Determine the appropriate number of topics using model evaluation metrics.

```{r optimal-k}
k_selection <- sm_select_optimal_k(
  dtm = dtm,
  k_range = seq(4, 20, by = 2),
  method = "gibbs",
  plot = TRUE
)

# View results
print(k_selection$metrics)
print(paste("Optimal k:", k_selection$optimal_k))
```

The function compares models across different values of $k$ using perplexity, a measure of model fit (lower is better).

## Step 5: Train Topic Model

Fit a Latent Dirichlet Allocation (LDA) model with the optimal number of topics.

```{r train-lda}
lda_model <- sm_train_lda(
  dtm = dtm,
  k = k_selection$optimal_k,
  method = "gibbs",
  iter = 2000,
  alpha = 50 / k_selection$optimal_k,  # Symmetric Dirichlet prior
  seed = 1729
)

# Examine top terms per topic
terms_matrix <- topicmodels::terms(lda_model, 10)
print(terms_matrix)
```

LDA [@Blei2003] models each document as a mixture of topics, where each topic is a distribution over words. The Gibbs sampling method [@Griffiths2004] estimates model parameters through Markov Chain Monte Carlo.

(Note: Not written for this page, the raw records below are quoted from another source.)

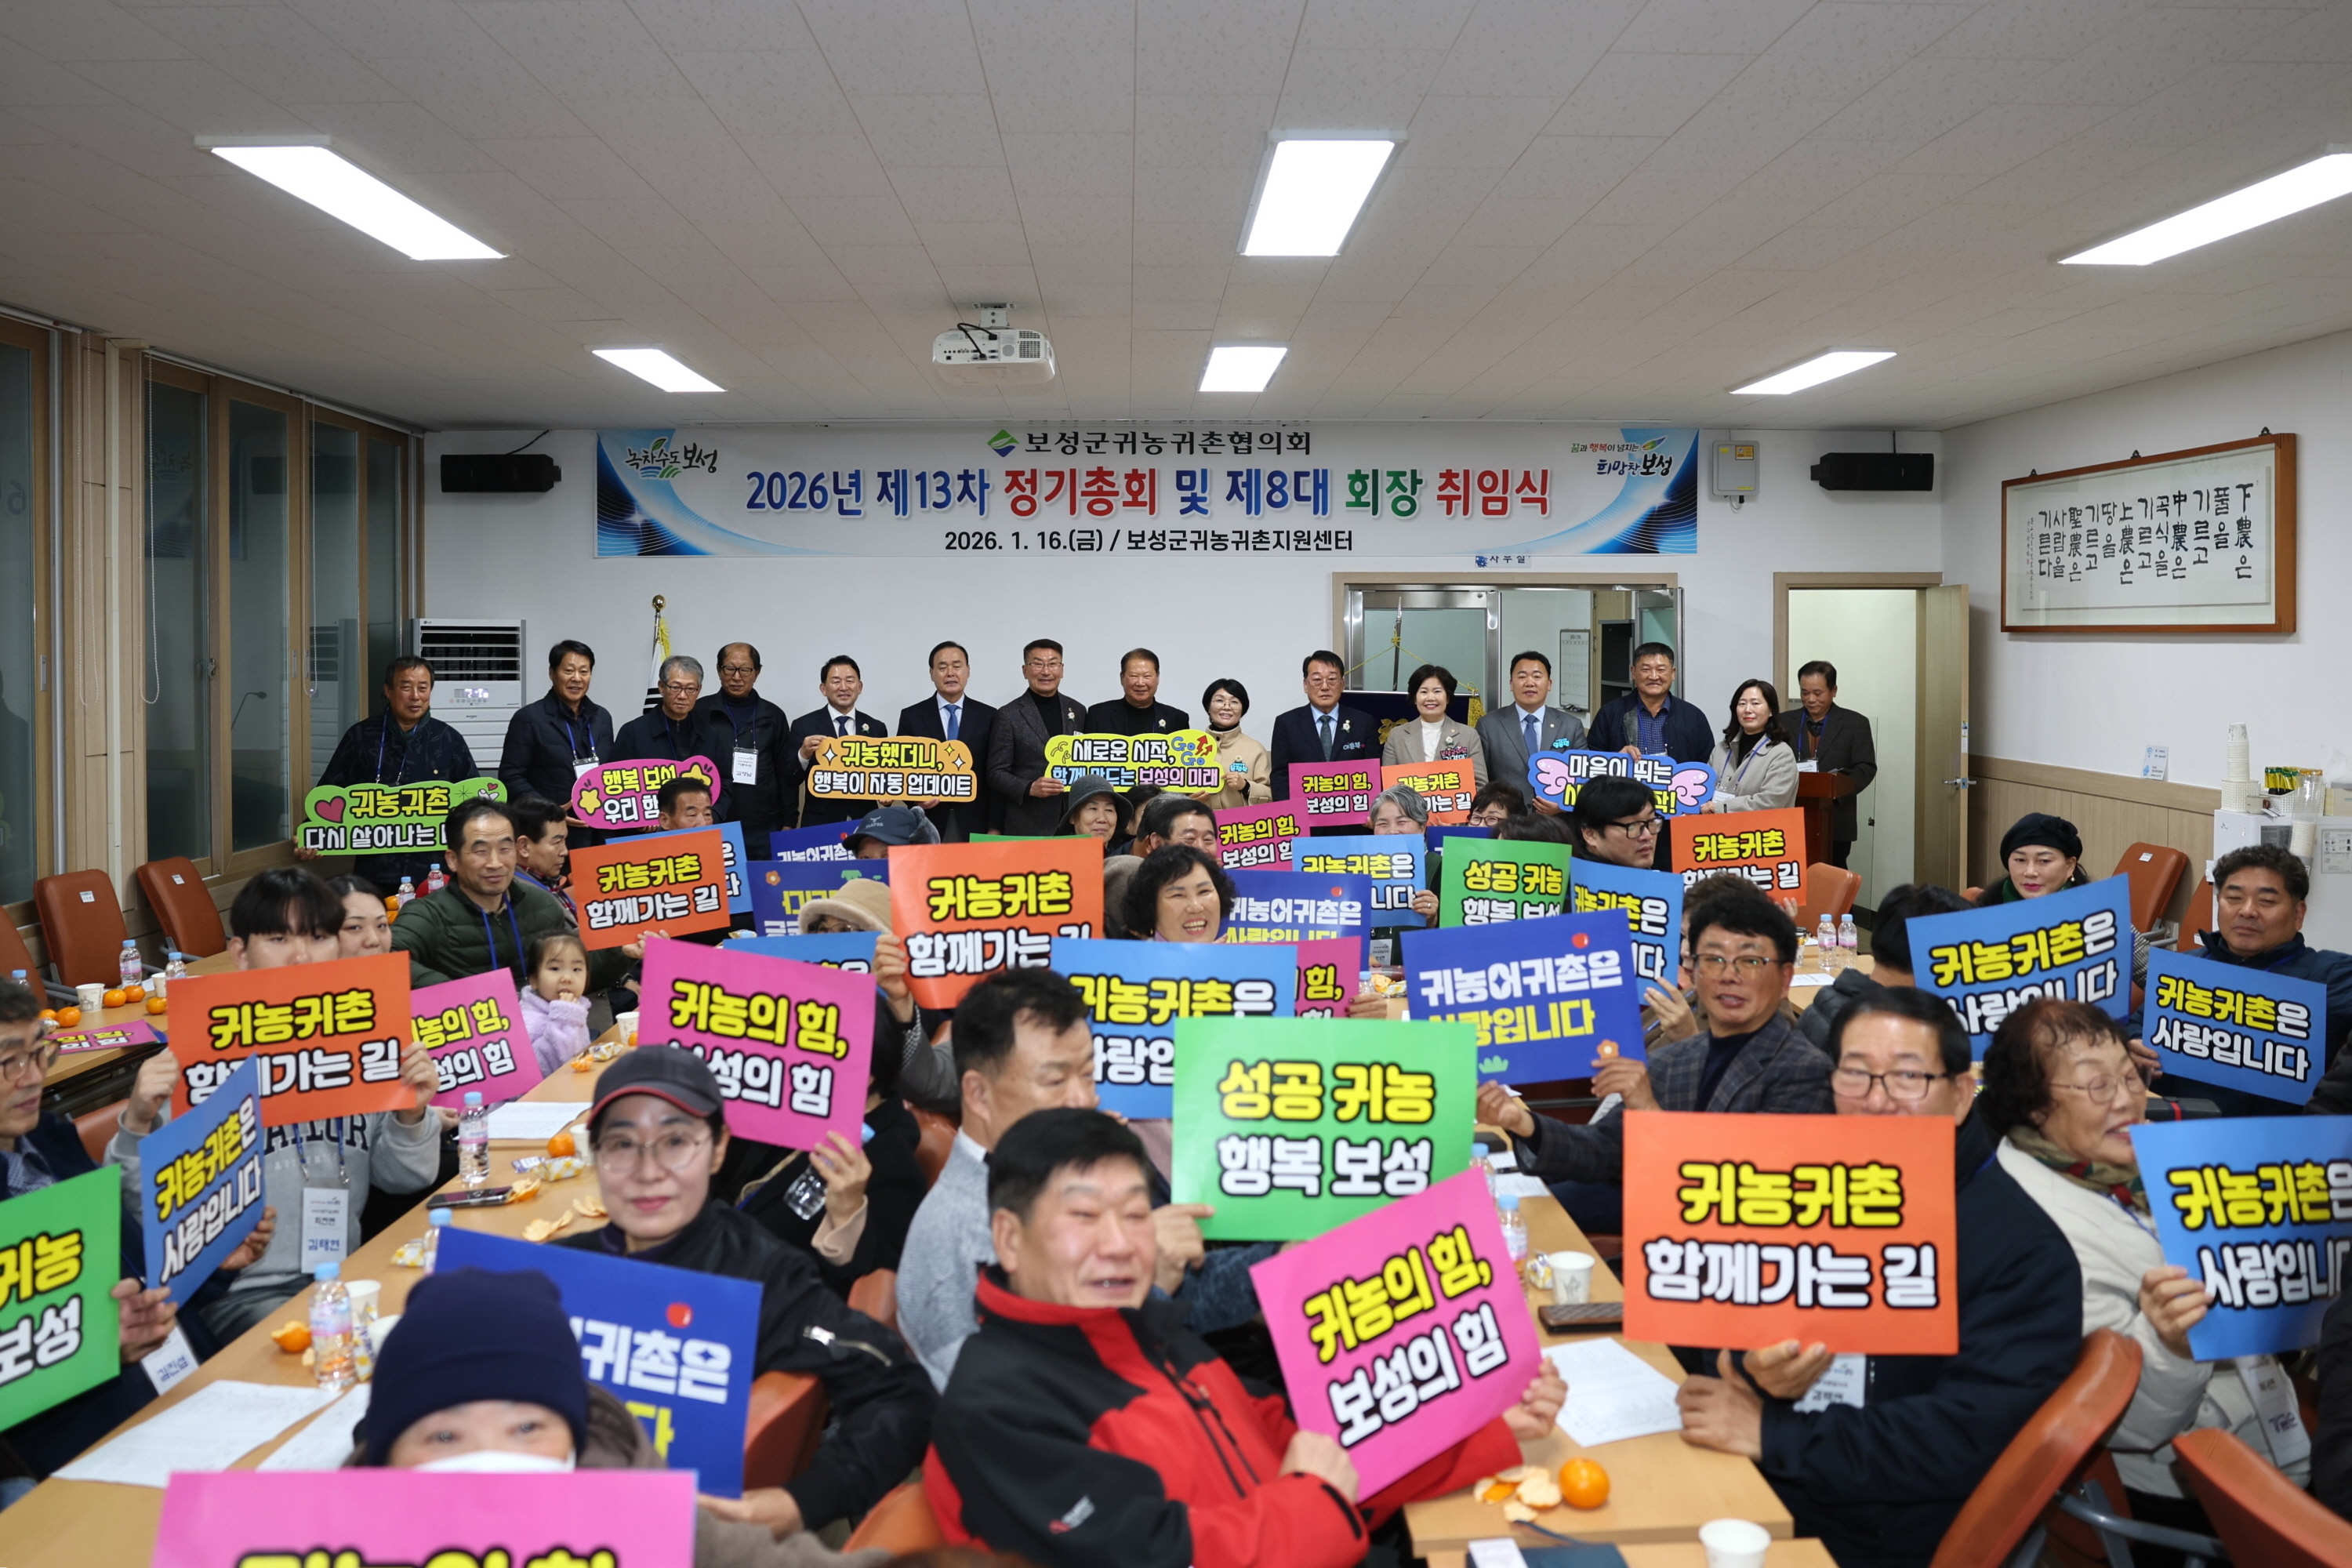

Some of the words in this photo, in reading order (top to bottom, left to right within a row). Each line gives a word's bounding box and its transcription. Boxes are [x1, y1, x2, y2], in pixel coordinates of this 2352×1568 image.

[625, 448, 681, 470] 녹차수도
[682, 442, 718, 474] 보성
[1025, 430, 1311, 456] 보성군귀농귀촌협의회
[1570, 443, 1588, 453] 꿈과
[1589, 442, 1615, 452] 행복이
[1617, 443, 1640, 452] 넘치는
[1596, 459, 1640, 476] 희망찬
[1641, 452, 1673, 477] 보성
[746, 469, 862, 516] 2026년
[877, 469, 989, 517] 제13차
[1004, 466, 1156, 517] 정기총회
[1176, 469, 1210, 516] 및
[1225, 469, 1329, 516] 제8대
[1345, 468, 1422, 517] 회장
[1437, 469, 1549, 517] 취임식
[945, 532, 1002, 550] 2026.
[1011, 531, 1028, 551] 1.
[1037, 531, 1104, 554] 16.(금)
[1127, 529, 1353, 552] 보성군귀농귀촌지원센터
[841, 740, 942, 770] 귀농했더니,
[1073, 739, 1127, 762] 새로운
[1133, 739, 1175, 764] 시작,
[1570, 754, 1628, 778] 마음이
[602, 768, 641, 795] 행복
[814, 771, 864, 797] 행복이
[869, 772, 903, 795] 자동
[906, 771, 973, 797] 업데이트
[1138, 767, 1185, 786] 보성의
[1188, 768, 1219, 787] 미래
[1302, 775, 1350, 793] 귀농의
[1352, 772, 1373, 791] 힘,
[350, 786, 451, 818] 귀농귀촌
[603, 796, 640, 823] 우리
[1307, 796, 1350, 814] 보성의
[1352, 794, 1368, 812] 힘
[1454, 793, 1472, 811] 길
[303, 826, 347, 851] 다시
[351, 824, 436, 849] 살아나는
[1218, 819, 1273, 845] 귀농의
[1275, 815, 1301, 836] 힘,
[1693, 829, 1785, 861] 귀농귀촌
[597, 854, 702, 892] 귀농귀촌
[1222, 844, 1275, 869] 보성의
[1465, 861, 1519, 892] 성공
[1523, 864, 1563, 895] 귀농
[1777, 862, 1800, 889] 길
[586, 892, 690, 930] 함께가는
[693, 884, 720, 912] 길
[928, 870, 1073, 920] 귀농귀촌
[1229, 897, 1362, 925] 귀농어귀촌은
[1463, 898, 1516, 925] 행복
[906, 928, 1051, 976] 함께가는
[1929, 909, 2116, 988] 귀농귀촌은
[1305, 965, 1345, 1001] 힘,
[1420, 950, 1623, 1007] 귀농어귀촌은
[210, 989, 375, 1049] 귀농귀촌
[470, 998, 510, 1035] 힘,
[670, 980, 789, 1045] 귀농의
[797, 1000, 849, 1058] 힘,
[2156, 975, 2310, 1039] 귀농귀촌은
[360, 1039, 400, 1082] 길
[483, 1038, 515, 1076] 힘
[2151, 1018, 2310, 1081] 사랑입니다
[791, 1062, 833, 1118] 힘
[1218, 1060, 1323, 1120] 성공
[1333, 1062, 1436, 1123] 귀농
[156, 1098, 256, 1220] 귀농귀촌은
[1217, 1135, 1323, 1196] 행복
[1331, 1138, 1433, 1196] 보성
[1679, 1161, 1903, 1228] 귀농귀촌
[2168, 1161, 2352, 1229] 귀농귀촌은
[162, 1156, 263, 1283] 사랑입니다
[1643, 1239, 1872, 1308] 함께가는
[1883, 1243, 1939, 1308] 길
[1302, 1246, 1434, 1364] 귀농의
[1428, 1224, 1493, 1300] 힘,
[1327, 1327, 1461, 1449] 보성의
[1452, 1301, 1509, 1377] 힘

## Step 6: Model Comparison

Compare multiple topic modeling approaches.

```{r compare-models}
comparison <- sm_compare_models(
  dtm = dtm,
  k = 10,
  seed = 1729,
  verbose = TRUE
)

# View metrics
print(comparison$metrics)
print(paste("Recommended model:", comparison$recommendation))

# Extract best model
best_model <- comparison$models[[tolower(comparison$recommendation)]]
```

The function fits three models:
- **LDA**: Standard Latent Dirichlet Allocation
- **CTM**: Correlated Topic Model [@Blei2007] (allows topic correlations)
- **STM**: Structural Topic Model [@Roberts2014] (not yet implemented)

## Step 7: Visualization

### Topic Terms Visualization

Display the most important terms for each topic.

```{r plot-terms, fig.cap="Top terms per topic with beta weights"}
plot_terms <- sm_plot_topic_terms(
  model = lda_model,
  n_terms = 10
)
print(plot_terms)
```

The visualization shows term importance (beta values) within each topic. Higher beta indicates greater relevance to the topic.

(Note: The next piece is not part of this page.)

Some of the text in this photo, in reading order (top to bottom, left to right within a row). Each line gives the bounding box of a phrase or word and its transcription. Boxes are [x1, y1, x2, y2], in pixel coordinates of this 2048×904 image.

### Topic Frequency Distribution

Show how topics are distributed across the document collection.

```{r plot-frequency, fig.cap="Document distribution across topics"}
plot_freq <- sm_plot_topic_frequency(
  model = lda_model,
  dtm = dtm
)
print(plot_freq)
```

### Topic Trends Over Time

Examine how topic prevalence changes over publication years.

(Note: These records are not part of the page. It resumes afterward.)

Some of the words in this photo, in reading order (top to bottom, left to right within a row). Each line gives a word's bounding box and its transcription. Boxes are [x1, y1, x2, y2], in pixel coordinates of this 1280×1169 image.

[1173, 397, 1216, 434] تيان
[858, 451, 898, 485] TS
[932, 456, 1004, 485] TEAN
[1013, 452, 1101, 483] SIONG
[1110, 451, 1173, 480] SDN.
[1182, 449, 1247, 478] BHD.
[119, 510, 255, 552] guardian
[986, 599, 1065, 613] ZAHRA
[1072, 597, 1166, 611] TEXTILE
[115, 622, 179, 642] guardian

```{r plot-trends, fig.cap="Topic prevalence trends over time"}
# Ensure papers have doc_id matching DTM rownames
papers$doc_id <- rownames(dtm)

plot_trends <- sm_plot_topic_trends(
  model = lda_model,
  dtm = dtm,
  metadata = papers,
  year_col = "year",
  doc_id_col = "doc_id"
)
print(plot_trends)
```

This visualization reveals emerging and declining research themes over time.

### Keyword Co-occurrence Network

Analyze relationships between author keywords.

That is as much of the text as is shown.